Listed entries: Begin
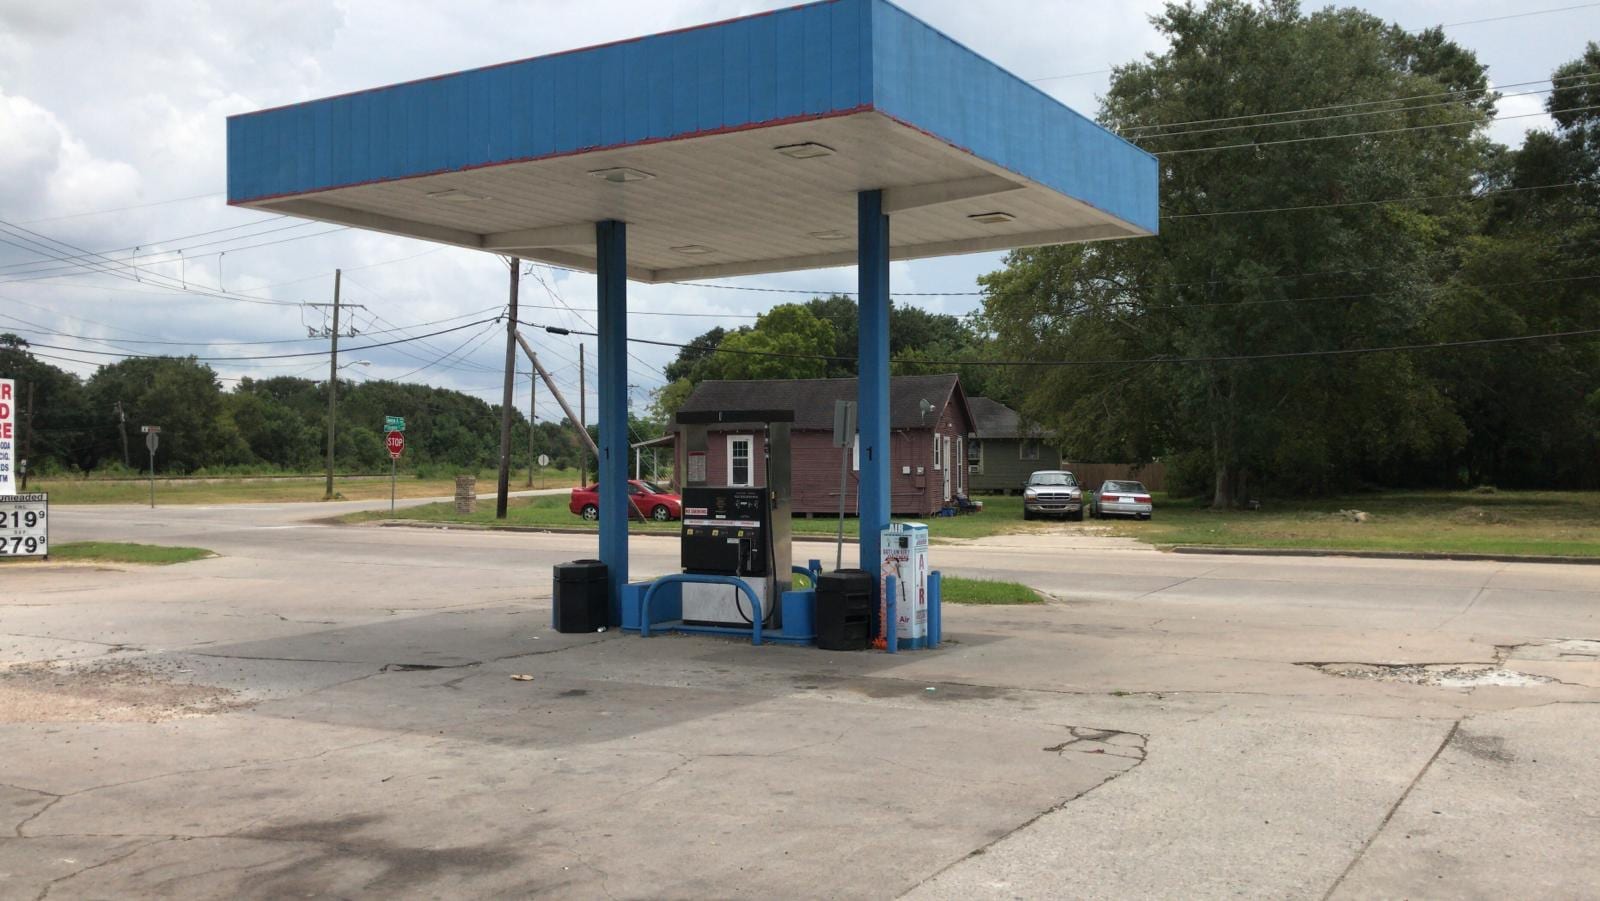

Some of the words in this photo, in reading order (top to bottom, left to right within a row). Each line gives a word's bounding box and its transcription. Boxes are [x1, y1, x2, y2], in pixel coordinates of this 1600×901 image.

[0, 423, 12, 438] E
[388, 438, 402, 446] STOP
[866, 447, 872, 461] 1
[890, 524, 904, 533] AIR
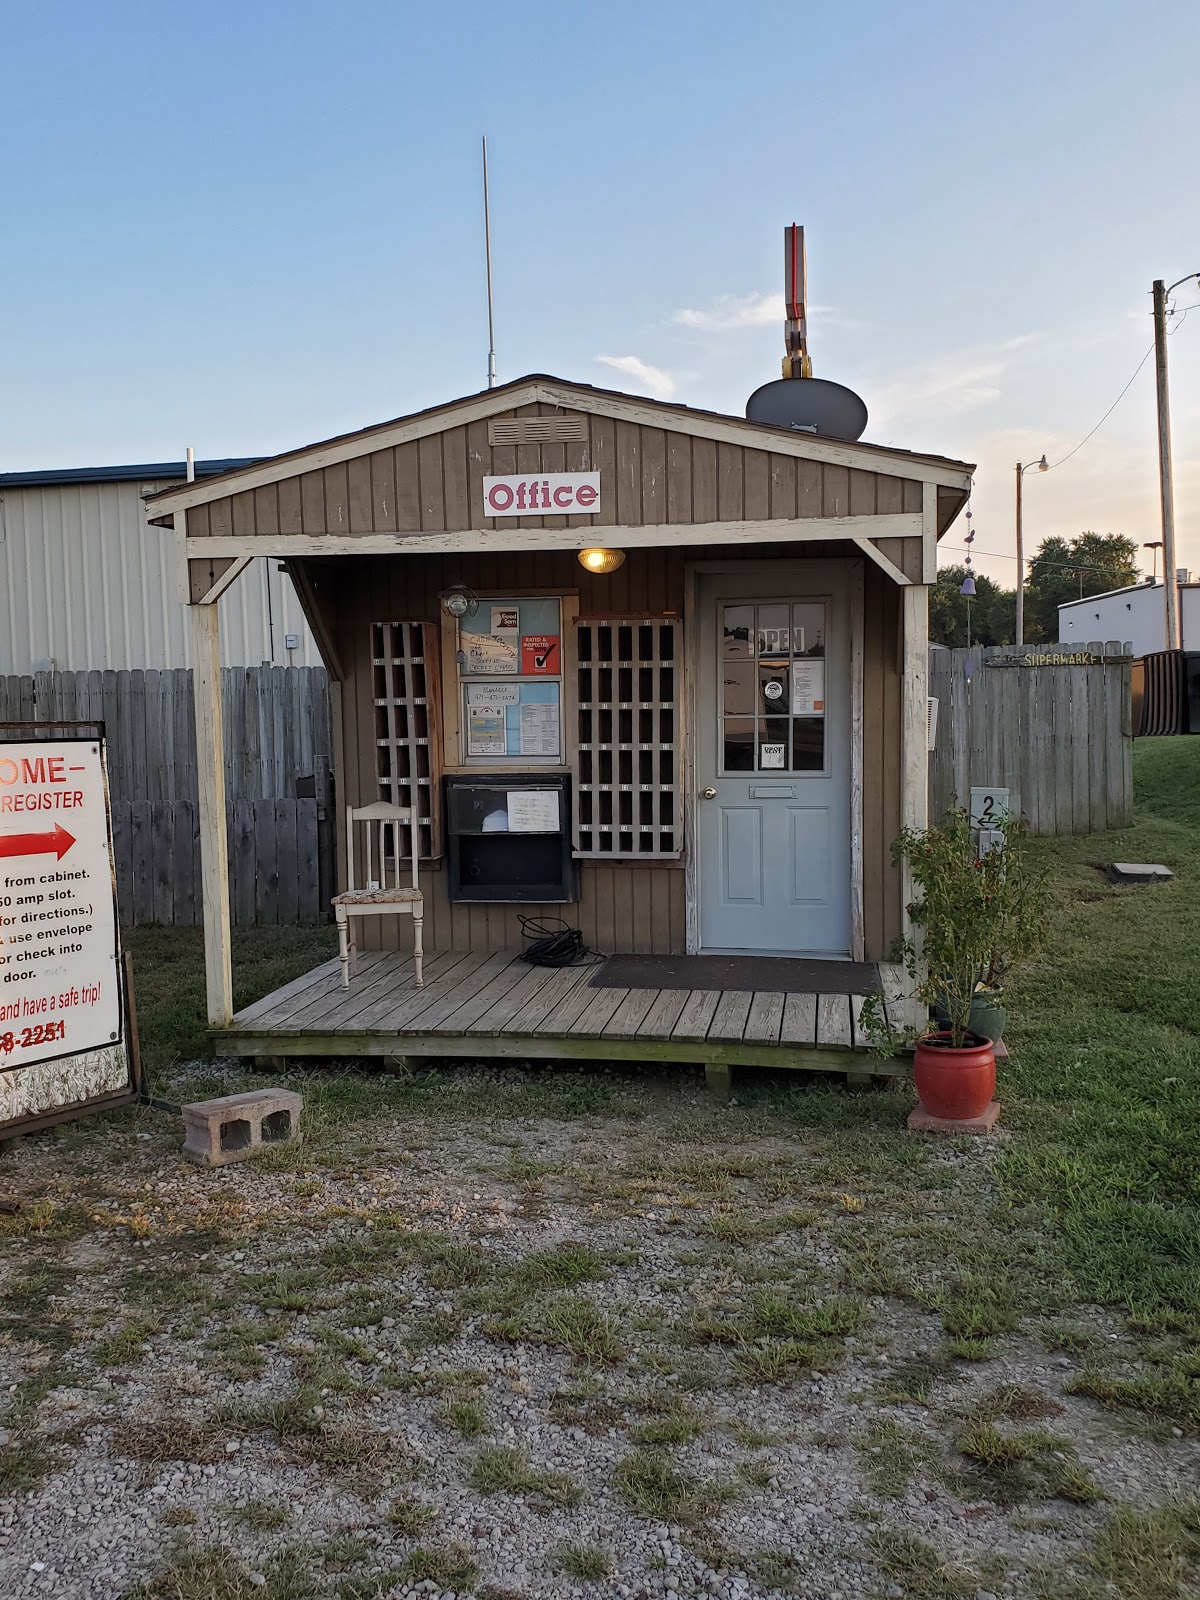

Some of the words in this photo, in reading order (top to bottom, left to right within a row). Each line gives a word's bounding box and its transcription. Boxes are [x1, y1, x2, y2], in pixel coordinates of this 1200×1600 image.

[489, 481, 597, 511] Office
[753, 629, 802, 653] OPEN
[1, 791, 83, 813] REGISTER
[983, 795, 995, 816] 2
[4, 877, 36, 888] from
[39, 869, 90, 884] cabinet.
[16, 894, 44, 905] amp
[48, 889, 76, 901] slot.
[21, 903, 93, 923] directions.)
[9, 933, 33, 944] use
[37, 924, 93, 940] envelope
[16, 946, 56, 962] check
[59, 943, 83, 955] into
[3, 970, 37, 983] door.
[0, 998, 21, 1021] and
[23, 996, 47, 1017] have
[49, 995, 56, 1011] a
[58, 986, 79, 1009] safe
[82, 981, 101, 1007] trip!
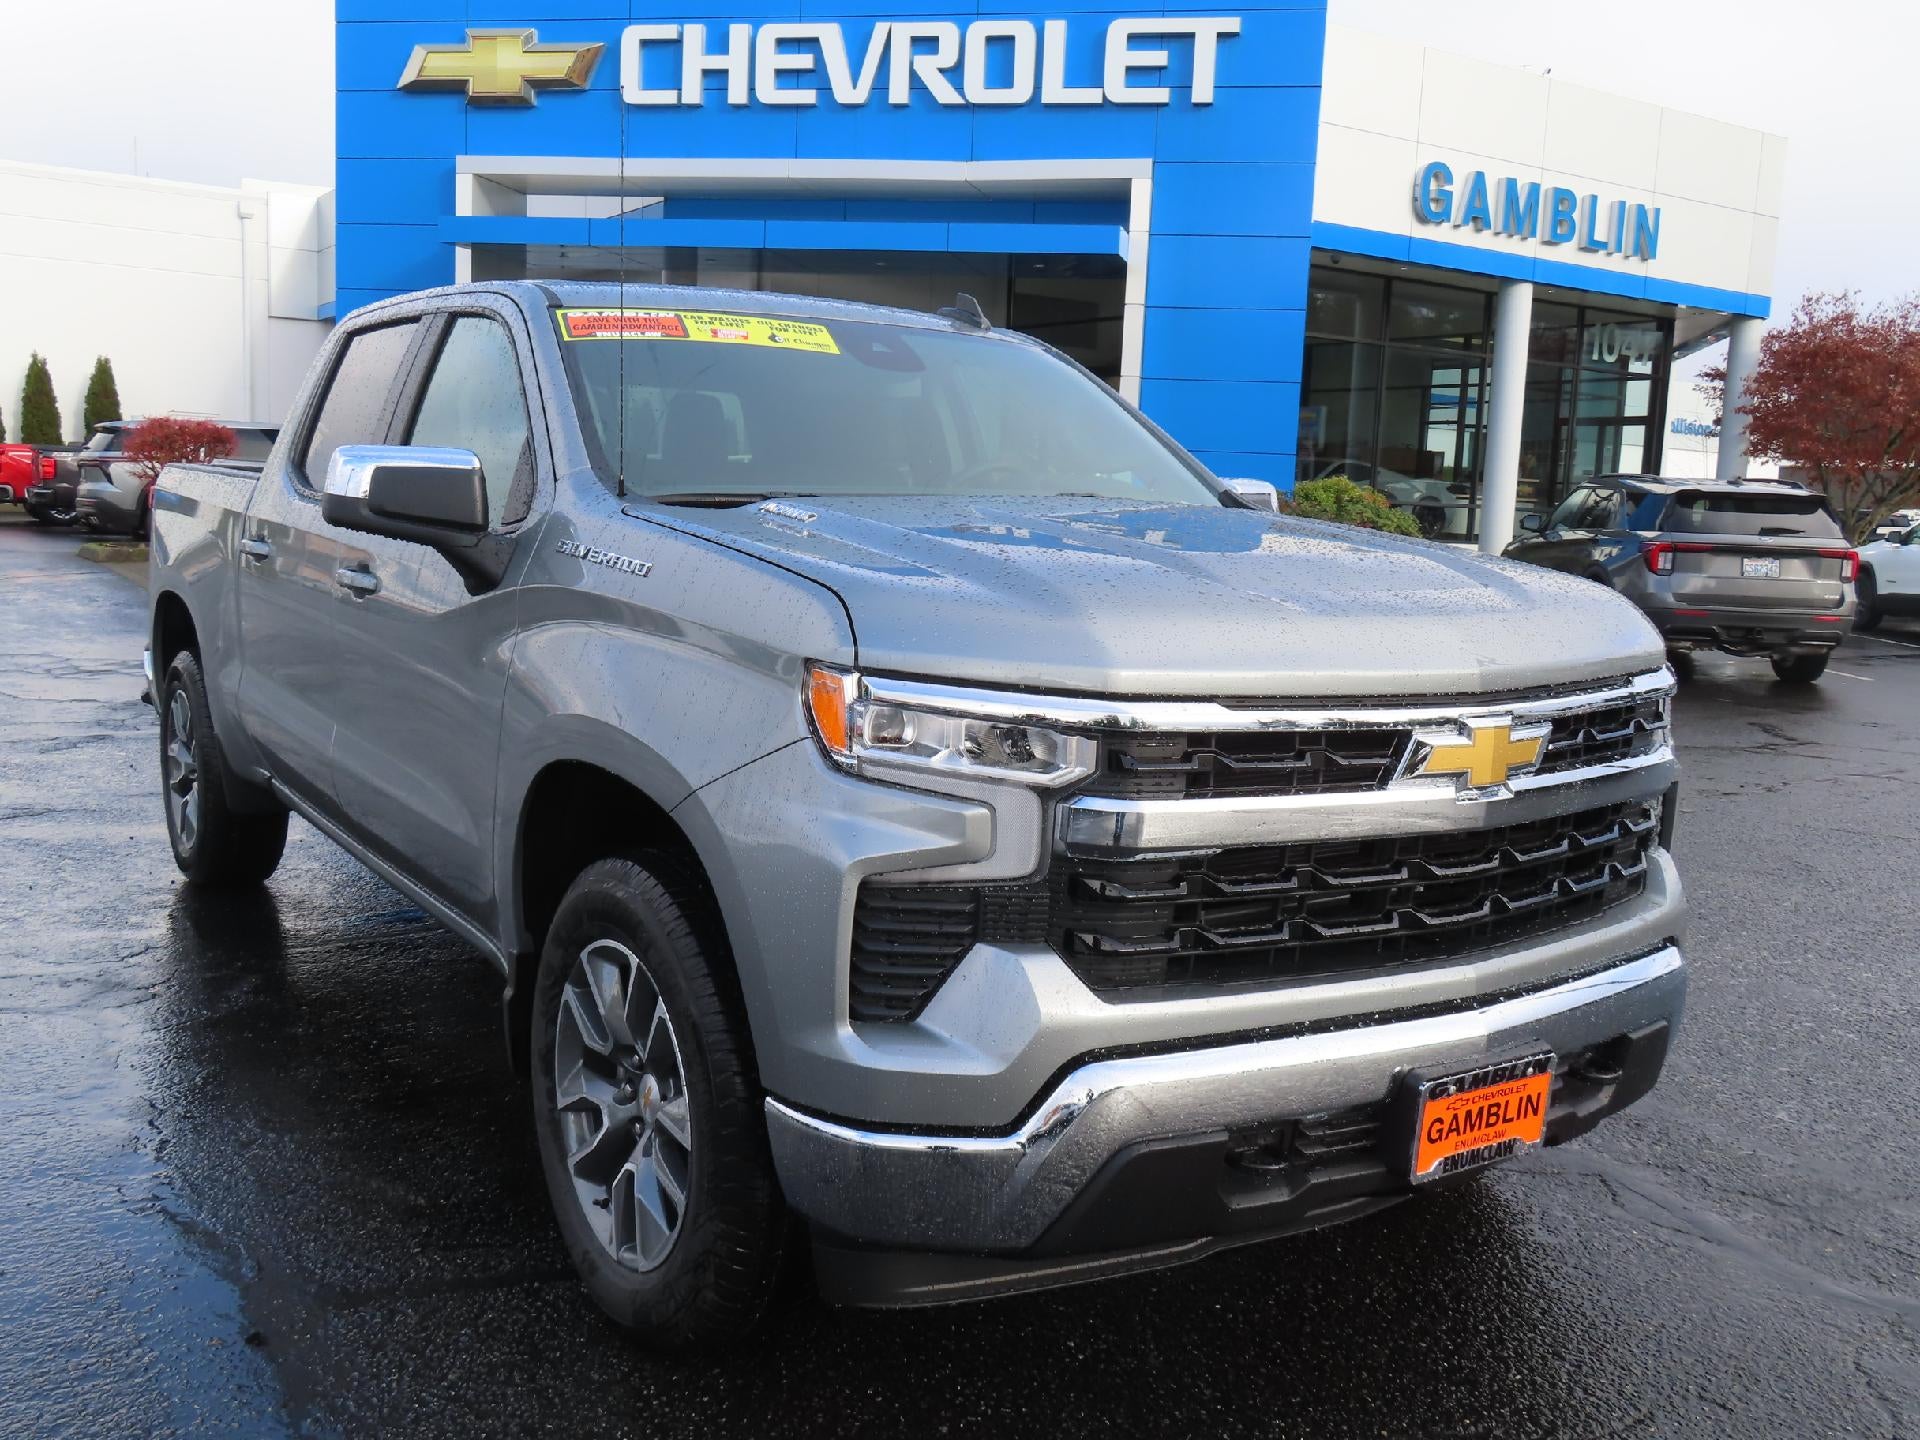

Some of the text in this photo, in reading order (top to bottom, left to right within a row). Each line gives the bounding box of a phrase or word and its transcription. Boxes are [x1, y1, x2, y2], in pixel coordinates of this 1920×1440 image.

[620, 17, 1241, 107] CHEVROLET
[1413, 161, 1661, 261] GAMBLIN
[573, 323, 681, 332] GAMBLIN ADVANTAGE
[556, 538, 653, 577] SILVERADO
[1471, 1083, 1528, 1105] CHEVROLET
[1426, 1092, 1542, 1145] GAMBLIN
[1454, 1128, 1507, 1151] ENUMCLAW
Listed entries: End
» **Exercise brief**: Restate the entries verbatim, without pictures.

» **Answer box**:
Some of the words in this photo, in reading order (top to bottom, left to right within a row). Each line gives a word's bounding box and its transcription. Boxes are [x1, y1, x2, y2], in pixel coordinates of this 1600×901 image.

[0, 423, 12, 438] E
[388, 438, 402, 446] STOP
[866, 447, 872, 461] 1
[890, 524, 904, 533] AIR

Some of the words in this photo, in reading order (top to bottom, left to right within a row). Each line gives a word's bounding box and its transcription. Boxes are [x1, y1, x2, y2], in pixel coordinates of this 1200×1600 image.

[489, 481, 597, 511] Office
[753, 629, 802, 653] OPEN
[1, 791, 83, 813] REGISTER
[983, 795, 995, 816] 2
[4, 877, 36, 888] from
[39, 869, 90, 884] cabinet.
[16, 894, 44, 905] amp
[48, 889, 76, 901] slot.
[21, 903, 93, 923] directions.)
[9, 933, 33, 944] use
[37, 924, 93, 940] envelope
[16, 946, 56, 962] check
[59, 943, 83, 955] into
[3, 970, 37, 983] door.
[0, 998, 21, 1021] and
[23, 996, 47, 1017] have
[49, 995, 56, 1011] a
[58, 986, 79, 1009] safe
[82, 981, 101, 1007] trip!

Some of the text in this photo, in reading order (top to bottom, left to right within a row). Each line gives the bounding box of a phrase or word and its transcription. Boxes are [x1, y1, x2, y2], in pixel coordinates of this 1920×1440 image.

[620, 17, 1241, 107] CHEVROLET
[1413, 161, 1661, 261] GAMBLIN
[573, 323, 681, 332] GAMBLIN ADVANTAGE
[556, 538, 653, 577] SILVERADO
[1471, 1083, 1528, 1105] CHEVROLET
[1426, 1092, 1542, 1145] GAMBLIN
[1454, 1128, 1507, 1151] ENUMCLAW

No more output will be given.